The insurance commissioner reviewed the deal, which was announced Nov. 20, 2001, for more than a year, holding 15 days of formal hearings, hiring 10 consultants and reviewing more than 85,000 pages of board minutes, correspondence and other documents.

Representatives of the two chambers agreed on reform language in two sessions of an unofficial conference committee meeting on Sunday.

The consensus package then sailed through both chambers last night.

"It's as strong a bill - and a statement - as I could have hoped for, coming out of the commissioner's decision," said Pegeen Townsend, a lobbyist for the Maryland Hospital Association.

The MHA had fought the conversion and sale, then pushed for reform legislation. She said the bill should reverse the trend of recent years, in which CareFirst dropped unprofitable customers to make itself more attractive to a buyer.

Jeffery W. Valentine, a spokesman for CareFirst, said the company would have no comment until it has a chance to study the bill.

During legislative deliberations, CareFirst did not oppose the concept of board turnover, but cautioned lawmakers not to take action that would endanger the viability of the company.

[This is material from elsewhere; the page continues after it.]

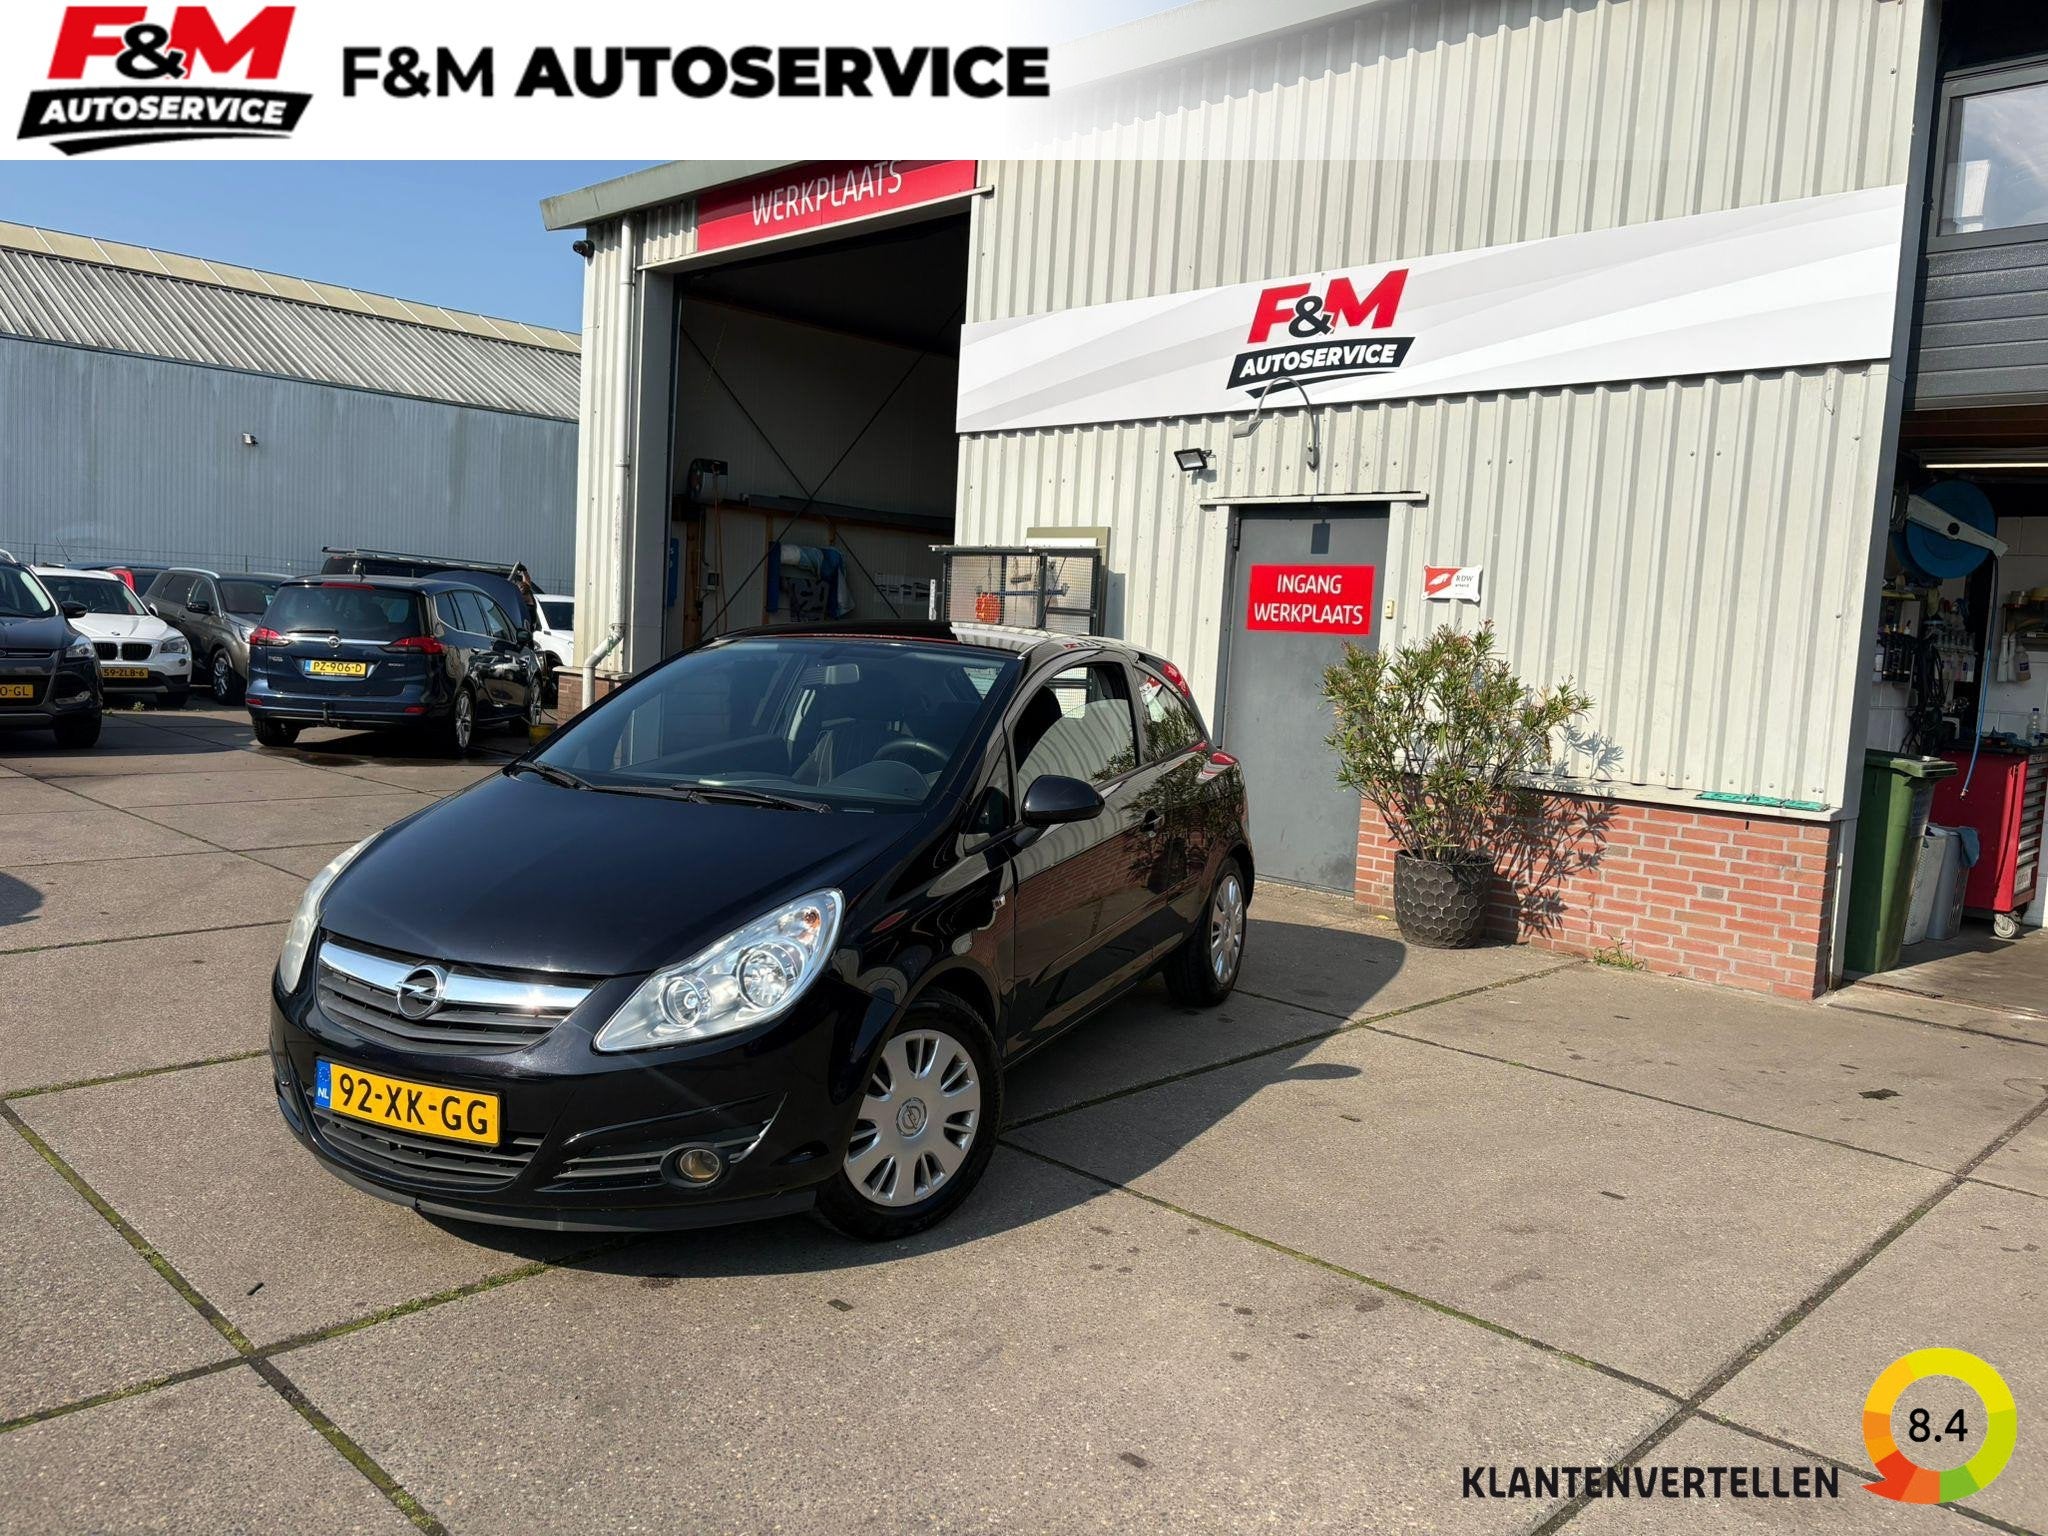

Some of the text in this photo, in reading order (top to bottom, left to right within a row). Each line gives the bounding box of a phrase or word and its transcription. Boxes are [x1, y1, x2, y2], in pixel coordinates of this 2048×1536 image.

Del. Shane E. Pendergrass, a Howard County Democrat who sponsored legislation in the House and participated in the conference with the Senate, said, "I'm optimistic that in 10 years, we will be looking at CareFirst, and it will be a viable company that maintains a not-for-profit mission."

Provisions of the legislation include:

Ten of the 12 Maryland board members would be replaced by the end of the year.

New board members would be chosen by a nominating committee appointed by the governor, House speaker and Senate president. The other two Maryland members would be replaced next year.

The other members of the board - six from the District of Columbia and three from Delaware, where CareFirst also operates Blue Cross plans - would be subject to a six-year term limit, as the Maryland members would be.

"The lack of confidence of the public in the board has been addressed," said Sen. Thomas M. Middleton, chairman of the Senate Finance Committee and key sponsor of Senate reform legislation. The bill also adds two nonvoting board members, representing the Senate and House.

CareFirst would be precluded from seeking a conversion for five years. The bill would require board members to remain faithful to the non-profit mission - under penalty of removal by the insurance commissioner.

The board would set compensation policies based on a comparison with similar nonprofit insurers. The insurance commissioner would have to approve the policy, and would review executive pay to make sure it conformed. Some have criticized the pay of William L. Jews, CareFirst's chief executive officer, who collected $2.7 million in salary and bonus in 2001.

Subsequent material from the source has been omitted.